My Path to Home Schooling by Teresa Robeson

The paths that different families take to homeschooling are varied and unique. Even within a single family, the decision to home school each child can be drastically dissimilar, as was the case with us.

Our older son was precocious. He knew the alphabet around the age of one and was reading by two.  

One time when Son1 was about three years old, while watching my husband garden, a strange worm wriggled out of the soil. My husband wondered aloud what it could be. Our son replied that it was a wire worm. Hubby naturally thought he was making it up and so, as adults do, nodded indulgently and said, “Oh, is that right?” After returning to the house, hubby looked it up in the “The Organic Gardener’s Handbook of Natural Insects and Disease Control” book and sure enough, that’s what it was.  

Son1 had been perusing the book and we assumed he was only looking at the pictures but he was actually reading the text.                              

By the time kindergarten rolled around, he was reading proficiently and counting up to 100, doing simple adding and subtracting. We figured that he would be incredibly bored with kindergarten and decided to keep him home for the year, putting him in grade one after that. We didn’t want to skip him up to grade one at that point since, in maturity, he was more like his kindergarten peers.

My younger son, on the other hand, was at the opposite end of the spectrum. He had language delay and exhibited symptoms on the autism spectrum (he has since been tested and is determined to be not autistic though he has a learning disability). He attended a public school speech preschool program and blossomed under their tutelage, but he had sensory integration issues that made him highly sensitive to noise and chaos. Since most kindergarten classes are the epitome of noise and chaos, we decided that the best option for him was to not send him to kindergarten, but to home school him until he outgrew his aversions and to take him to occupational and speech therapy on our own.

When each of them arrived at the stage where we thought they could happily integrate into the school system–around grade two for Son1 and fifth grade for Son2–we gave them the option every year of going to public school or continuing to home school. They always chose to continue with homeschooling.

Thanks to a wonderful, large, and diverse home school support group in our town, we were able to have the kids participate in group activities–everything from music to art to language lessons–in addition to doing lessons at home on our own.
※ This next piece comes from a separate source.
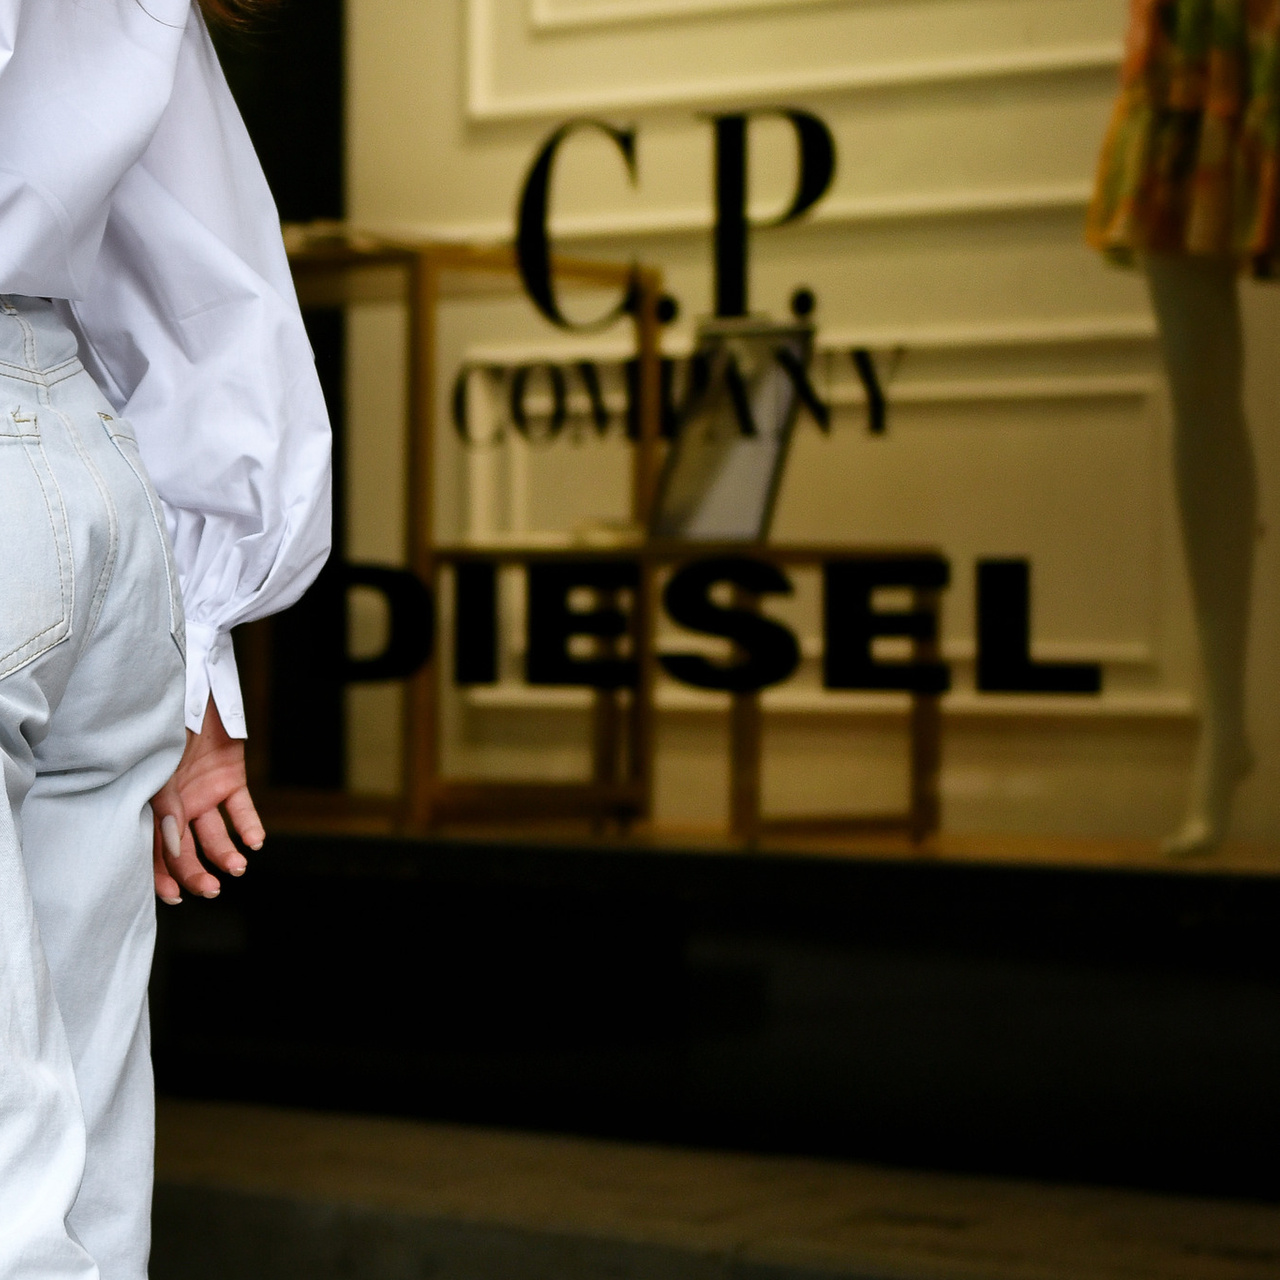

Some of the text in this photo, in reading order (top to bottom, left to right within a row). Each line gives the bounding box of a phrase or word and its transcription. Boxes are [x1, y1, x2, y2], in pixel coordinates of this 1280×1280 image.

[514, 107, 838, 334] C.P.
[452, 344, 906, 446] COMPANY
[310, 557, 1103, 694] DIESEL
The support group, by holding parties and playgroups as well as the more academic offerings, also ensured that the kids interacted with other children in multi-age gatherings rather than just a narrow subset of their same age peers.

We’re nearing the end of homeschooling. A few years ago, Son1 won a National Merit Scholarship and entered university with nearly perfect SAT scores. He is currently in his junior year and plans to go to graduate school. Son2 is finishing up the twelfth grade and plans to take a gap year to assess his interests.

We have been pleased with our homeschooling journey. It’s not an educational path suited to everyone but it worked out for us and we’re happy we could provide it for our children, both with their own special needs. 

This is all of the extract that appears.